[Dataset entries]
::::

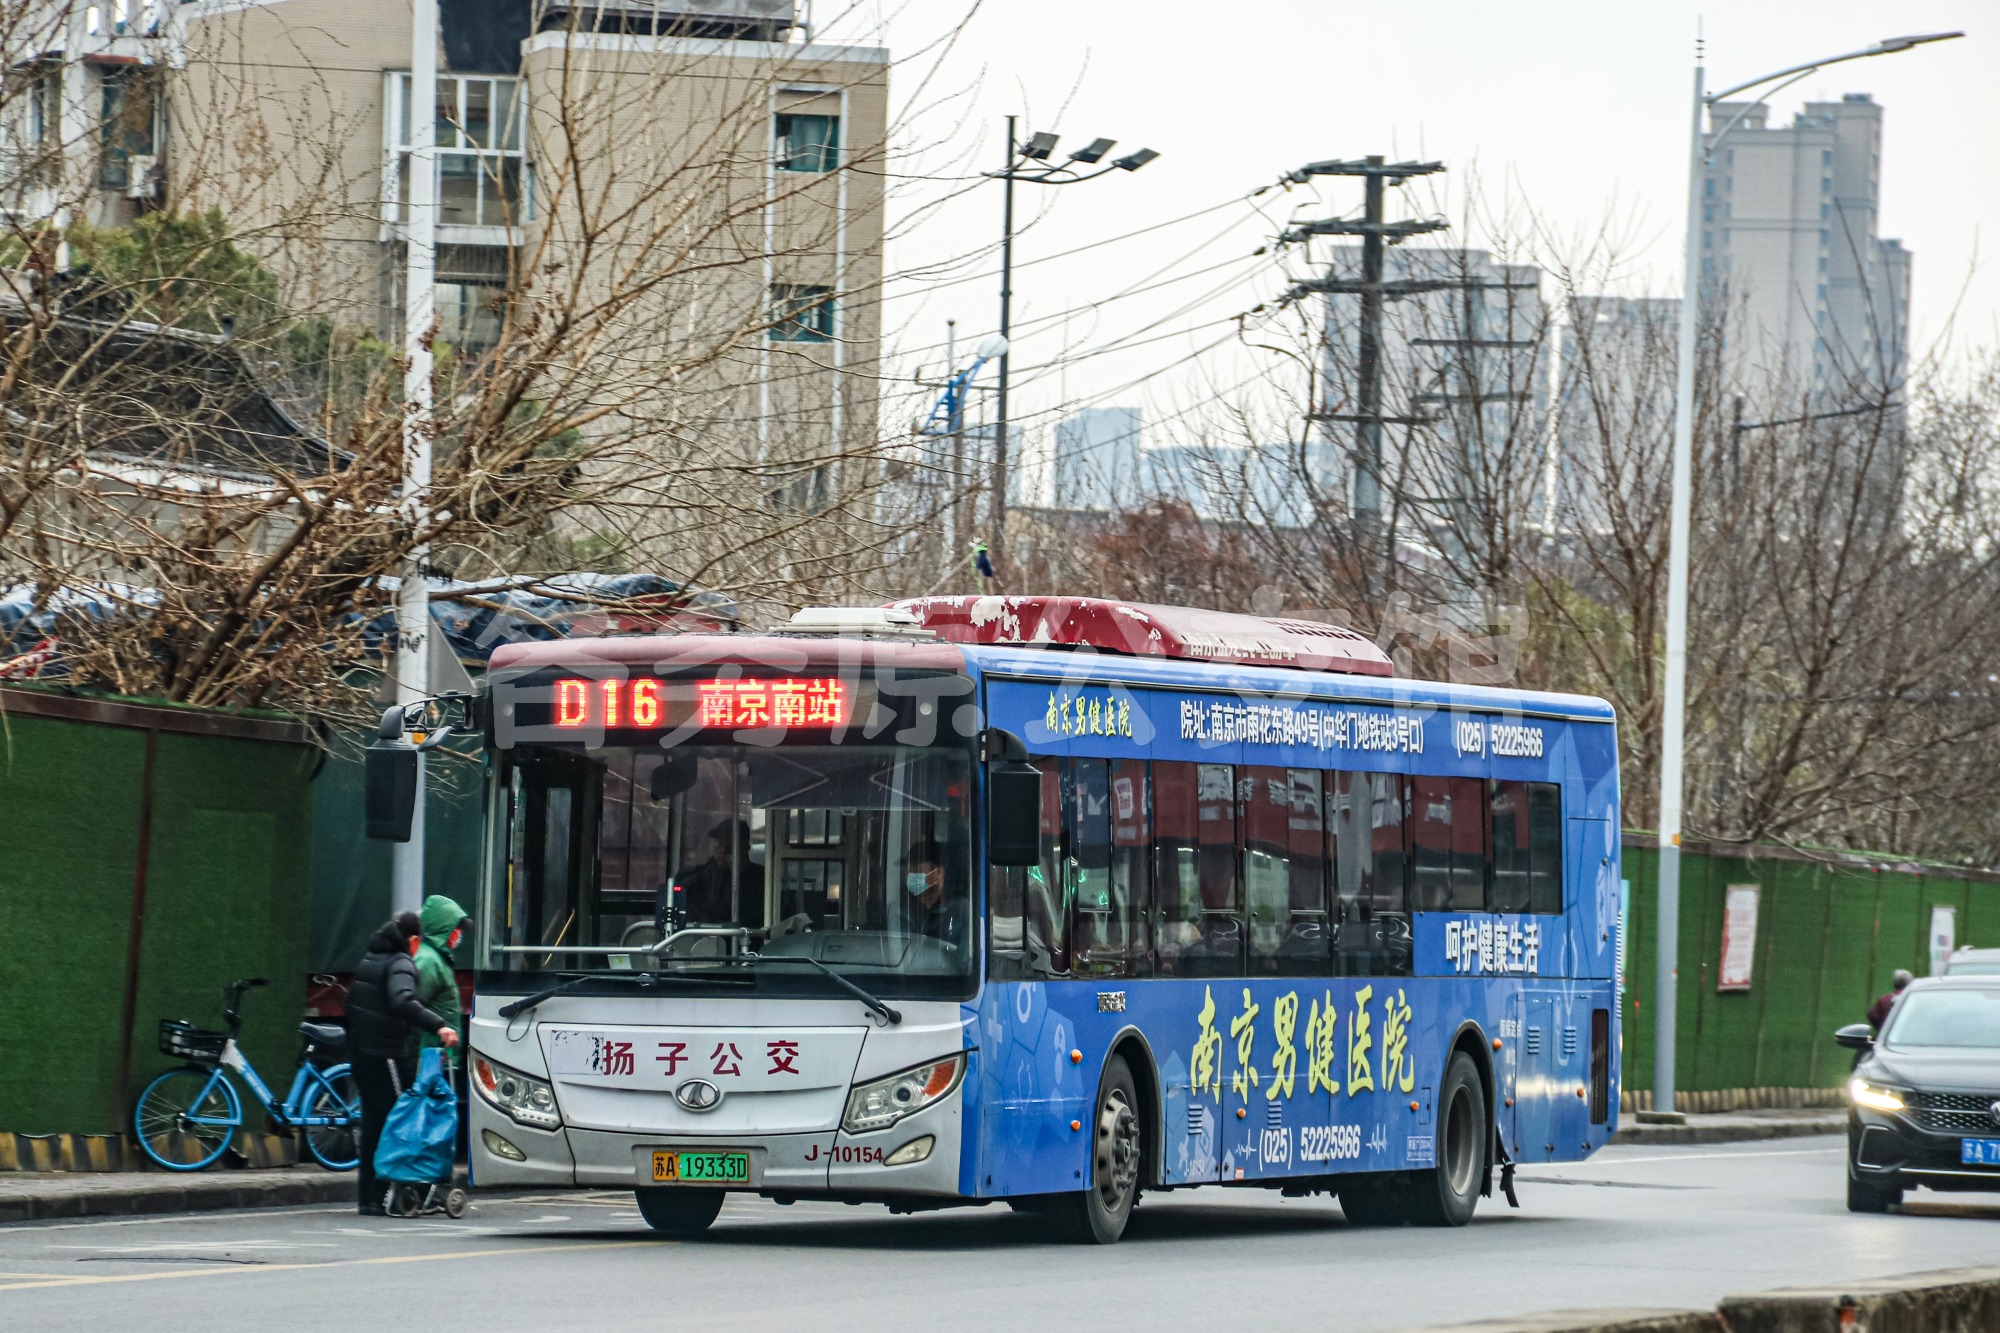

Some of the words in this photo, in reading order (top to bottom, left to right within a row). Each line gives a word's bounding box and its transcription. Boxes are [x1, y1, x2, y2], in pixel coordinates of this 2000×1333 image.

[559, 679, 658, 727] D16
[699, 678, 842, 727] 南京南站
[1046, 691, 1133, 738] 南京男健医院
[1457, 721, 1486, 759] (025)
[1491, 724, 1543, 757] 52225966
[1446, 919, 1539, 974] 呵护健康生活
[603, 1040, 800, 1077] 扬子公交
[1190, 984, 1415, 1104] 南京男健医院
[804, 1145, 883, 1164] J-10154
[1258, 1127, 1293, 1172] (025)
[1300, 1124, 1361, 1161] 52225966
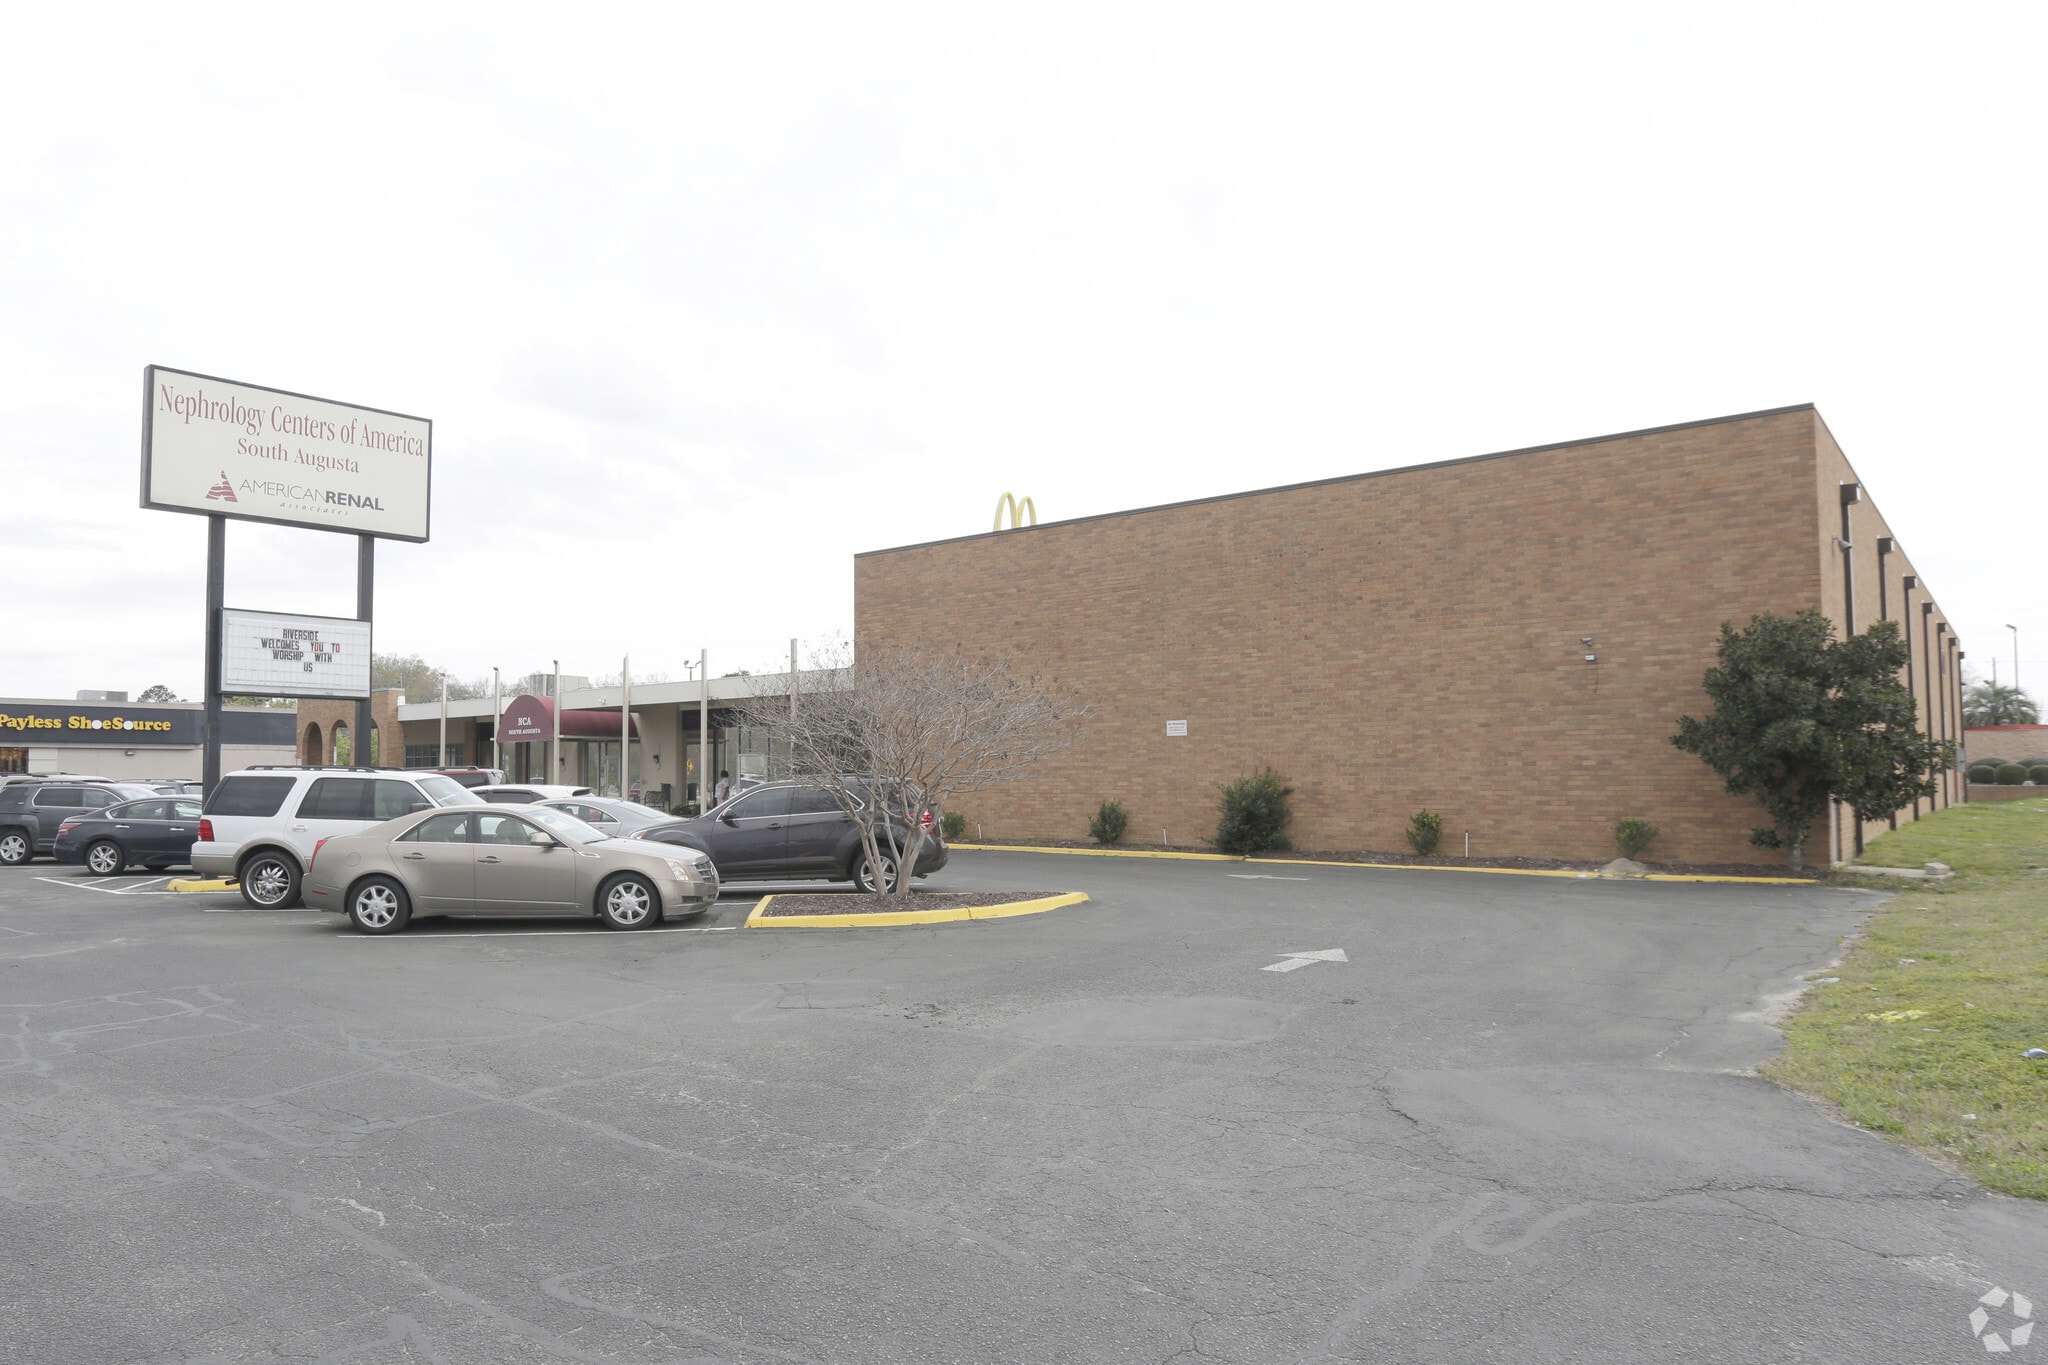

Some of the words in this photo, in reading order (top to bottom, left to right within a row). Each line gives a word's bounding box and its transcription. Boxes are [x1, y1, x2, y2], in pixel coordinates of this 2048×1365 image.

::::

About this exercise: Print verbatim every line above, apart from the pictures.

Solution:
Some of the words in this photo, in reading order (top to bottom, left to right within a row). Each line gives a word's bounding box and its transcription. Boxes are [x1, y1, x2, y2], in pixel coordinates of this 2000×1333 image.

[559, 679, 658, 727] D16
[699, 678, 842, 727] 南京南站
[1046, 691, 1133, 738] 南京男健医院
[1457, 721, 1486, 759] (025)
[1491, 724, 1543, 757] 52225966
[1446, 919, 1539, 974] 呵护健康生活
[603, 1040, 800, 1077] 扬子公交
[1190, 984, 1415, 1104] 南京男健医院
[804, 1145, 883, 1164] J-10154
[1258, 1127, 1293, 1172] (025)
[1300, 1124, 1361, 1161] 52225966

Some of the words in this photo, in reading order (top to bottom, left to right within a row). Each line gives a word's bounding box and its transcription. Boxes are [x1, y1, x2, y2], in pixel coordinates of this 2048×1365 image.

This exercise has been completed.